More stringent warnings of CV risk to accompany pain medications

Publication
Article
Cardiology Review® OnlineMay 2005
Volume 22
Issue 5

Coronary Heart Disease

Orlando—The Food and Drug Administration (FDA) announced April 7 that all prescription nonsteroidal anti-inflammatory drugs (NSAIDs) remaining on the market must carry a black-box warning and a medication guide highlighting the increased risk of cardiovascular events associated with these agents. Medications subject to the requirements include the cyclo-oxygenase-2 (COX-2) inhibitor celecoxib (Celebrex), meloxicam (Mobic), and prescription-strength ibuprofen. Manufacturers of over-the-counter NSAIDs are being asked to develop more specific labeling with information on cardiovas-cular, gastrointestinal, and skin reaction risks.

The FDA also asked that the COX-2 inhibitor valdecoxib (Bextra) no longer be marketed owing to increased cardiovascular events and the risk of life-threatening skin reactions. Rofecoxib (Vioxx), another COX-2 agent, was withdrawn from the market in September 2004, also due to the increased risk of cardiovascular events. In a noncardiovascular trial, increased cardiovascular risk appeared after patients had been taking rofecoxib for 18 months.

“We knew 4 years ago that there was an increased risk of myocardial infarction [MI] and stroke with these [COX-2] medications, but no trials had been done in patients with cardiovascular disease,” said Eric Topol, MD, The Cleveland Clinic Foundation, during the recent American College of Cardiology Annual Scientific Session. “Furthermore, the moment these drugs were approved, they were direct-to-consumer marketed.”

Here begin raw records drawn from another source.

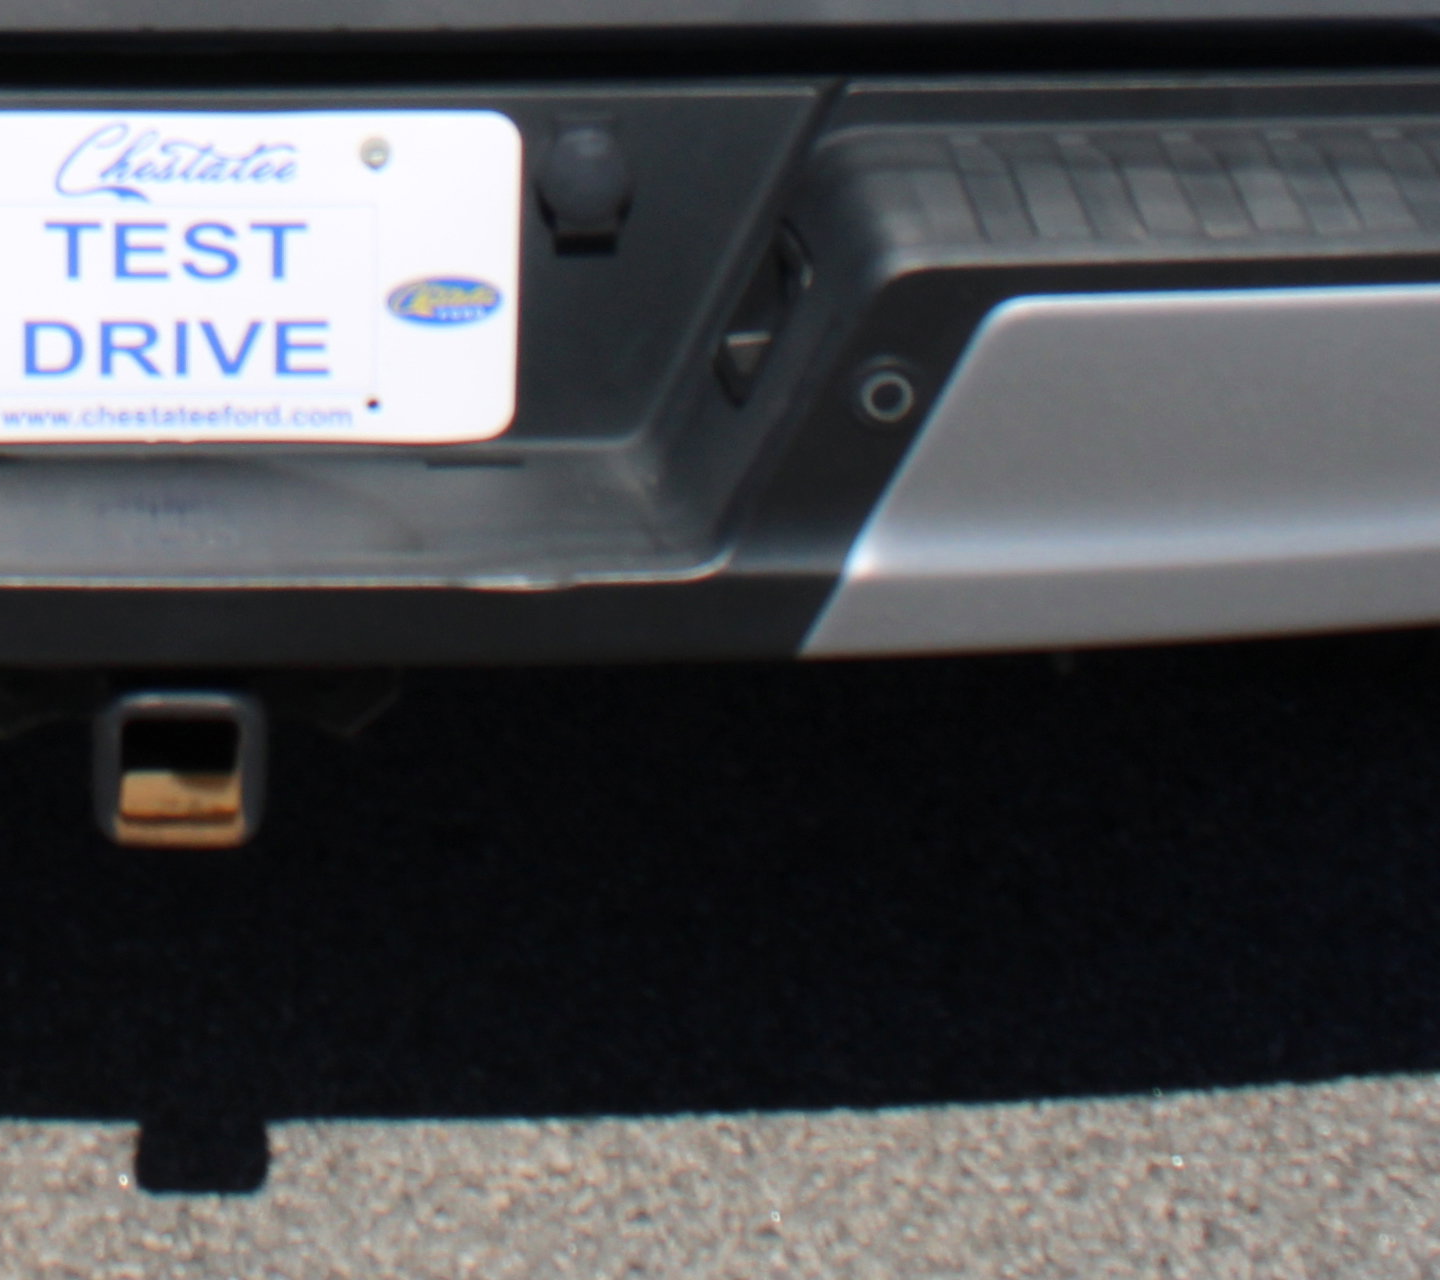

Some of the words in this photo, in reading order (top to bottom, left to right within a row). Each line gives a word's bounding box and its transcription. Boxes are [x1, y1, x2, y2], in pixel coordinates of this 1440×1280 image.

[55, 121, 300, 202] Chestatee
[44, 220, 308, 281] TEST
[23, 320, 331, 377] DRIVE
[2, 402, 354, 430] www.chestateeford.com
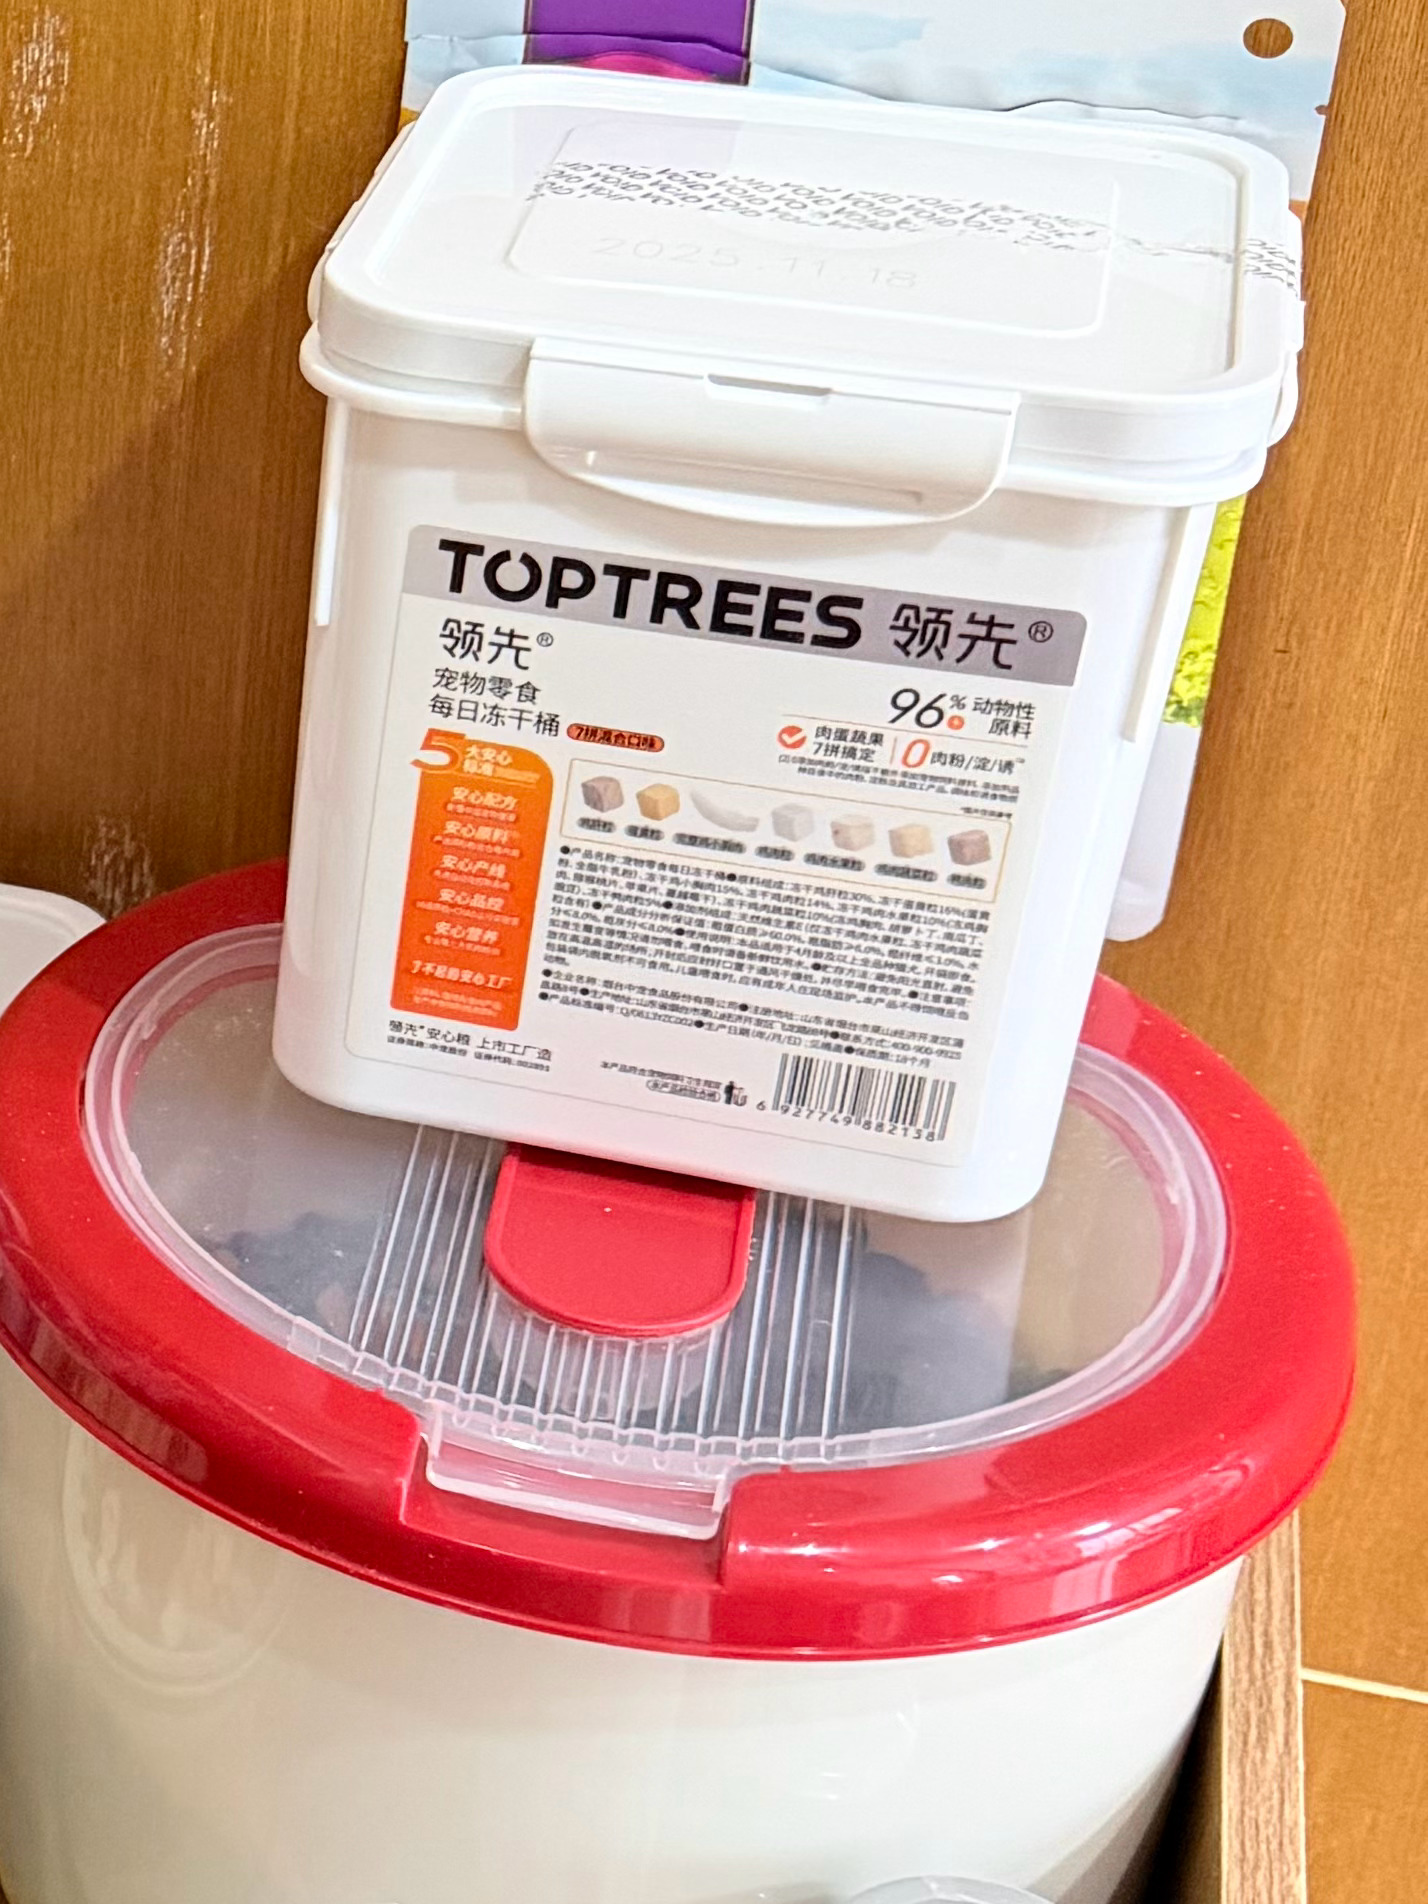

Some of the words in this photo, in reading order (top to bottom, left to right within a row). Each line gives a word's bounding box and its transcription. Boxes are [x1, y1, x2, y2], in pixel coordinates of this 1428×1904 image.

[439, 539, 863, 650] TOPTREES
[432, 667, 542, 706] 宠物零食
[429, 693, 560, 737] 每日冻干桶
[972, 696, 1036, 721] 动物性
[814, 725, 884, 747] 肉蛋蔬果
[989, 718, 1032, 740] 原料
[410, 728, 466, 774] 5
[465, 744, 513, 766] 大安心
[812, 741, 875, 763] 7拼搞定
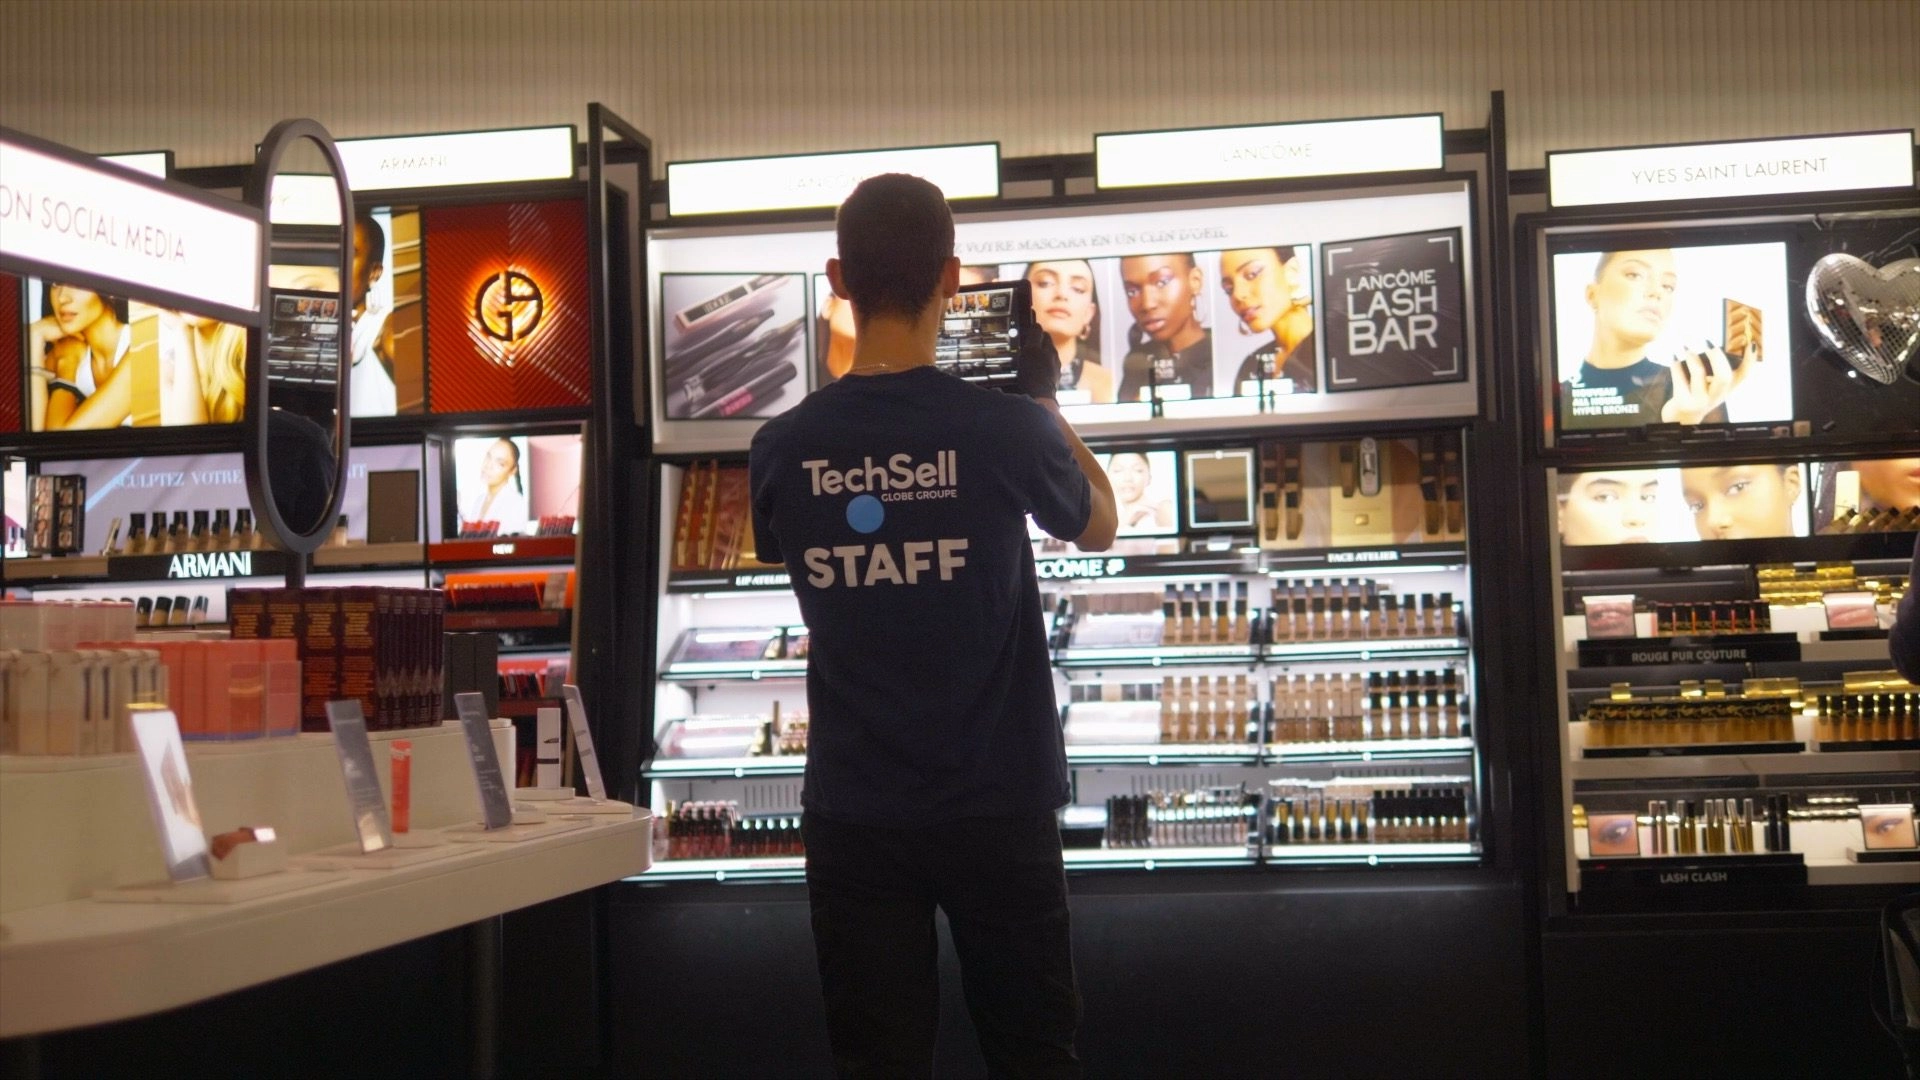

CABG study shows lingering risk. While rofecoxib was associated with increased cardiovascular risk after long-term use, the first study of a COX-2 inhibitor in patients with coronary heart disease showed that risk increases within a few days of administration. “Even after the drug therapy stopped, while patients were taking aspirin, they were incurring significant cardiovascular and thromboembolic events,” Dr. Topol said.

Results of the Safety of Parecoxib and Valdecoxib in the Treatment of Postoperative Pain Following Coronary Artery Bypass Graft (CABG) Surgery or Major General Surgery trial were presented by Andrew Whelton, MD, Johns Hopkins University School of Medicine, Baltimore. Parecoxib is the water-soluble prodrug of valdecoxib, which converts entirely to valdecoxib after administration.

The study included 1,671 patients undergoing isolated CABG surgery who were randomly assigned to one of three treatment arms the first day postoperatively. The first group received a loading dose of 40 mg intravenous parecoxib followed by 20-mg doses every 12 hours for the first 3 days. This was followed by

7 days of treatment with 20 mg of oral valdecoxib every 12 hours. Patients in the

second arm received intravenous placebo for 3 days followed by 20 mg oral valdecoxib every 12 hours for 7 days; those in the third group received intravenous followed by oral placebo.

All patients received 75 to 325 mg of aspirin daily and pain management as needed with morphine or oral hydroxycodone and codeine. Patients were followed up for an average of 30 days after study medication was discontinued at day 10. Primary end points were cardiovascular thromboembolic events, renal dysfunction or failure, upper gastrointestinal ulcer complications, and surgical wound complications.

While the number of cardiovascular events was small, patients receiving both intravenous parecoxib and oral valdecoxib had a statistically significant increased event rate at 2% compared with placebo patients with a 0.5% event rate (P = .033). No significant difference was seen between those taking only oral valdecoxib and placebo. “The events occurred throughout the dosing and follow-up period,” Dr. Whelton said.

Dr. Whelton said that while these results show another link between increased cardiovascular events and a COX-2 inhibitor, particularly in coronary heart disease patients, there are no similar data evaluating NSAIDs in this population.

Questions remain. In contrast to the CABG surgery patients, no significant differences in cardiovascular thromboembolic events were observed in the general surgery patients without coronary heart disease taking the parecoxib/valdecoxib combination, reported Dr. Whelton.

Furthermore, there was no decrease in upper gastrointestinal events between treatment groups in either the CABG or general surgery arms of the study. “The reason these drugs were to be useful was to suppress significant gastrointestinal complications and bleeding,” Dr. Topol said.

Also notable was a significant increase in sternal wound complications among patients in the CABG trial receiving either the parecoxib/valdecoxib combination (3.7%) or oral valdecoxib alone (5%) compared with placebo (2.9%). Increased wound complications were not seen in patients undergoing general surgery.